| Task goal |
Repeat all the data that appears below, keeping it exact.

Stored dataset items
------------------------------------
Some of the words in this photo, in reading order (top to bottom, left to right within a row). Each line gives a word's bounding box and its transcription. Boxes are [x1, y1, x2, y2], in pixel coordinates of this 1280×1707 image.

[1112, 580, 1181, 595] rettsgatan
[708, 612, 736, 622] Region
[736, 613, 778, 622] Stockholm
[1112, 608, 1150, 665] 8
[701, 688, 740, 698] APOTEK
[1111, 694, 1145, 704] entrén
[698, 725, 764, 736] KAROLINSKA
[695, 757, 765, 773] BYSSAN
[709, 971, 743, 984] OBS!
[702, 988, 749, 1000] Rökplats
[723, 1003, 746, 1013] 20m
------------------------------------
| Result below |
Some of the words in this photo, in reading order (top to bottom, left to right within a row). Each line gives a word's bounding box and its transcription. Boxes are [x1, y1, x2, y2], in pixel coordinates of this 1280×1707 image.

[1112, 580, 1181, 595] rettsgatan
[708, 612, 736, 622] Region
[736, 613, 778, 622] Stockholm
[1112, 608, 1150, 665] 8
[701, 688, 740, 698] APOTEK
[1111, 694, 1145, 704] entrén
[698, 725, 764, 736] KAROLINSKA
[695, 757, 765, 773] BYSSAN
[709, 971, 743, 984] OBS!
[702, 988, 749, 1000] Rökplats
[723, 1003, 746, 1013] 20m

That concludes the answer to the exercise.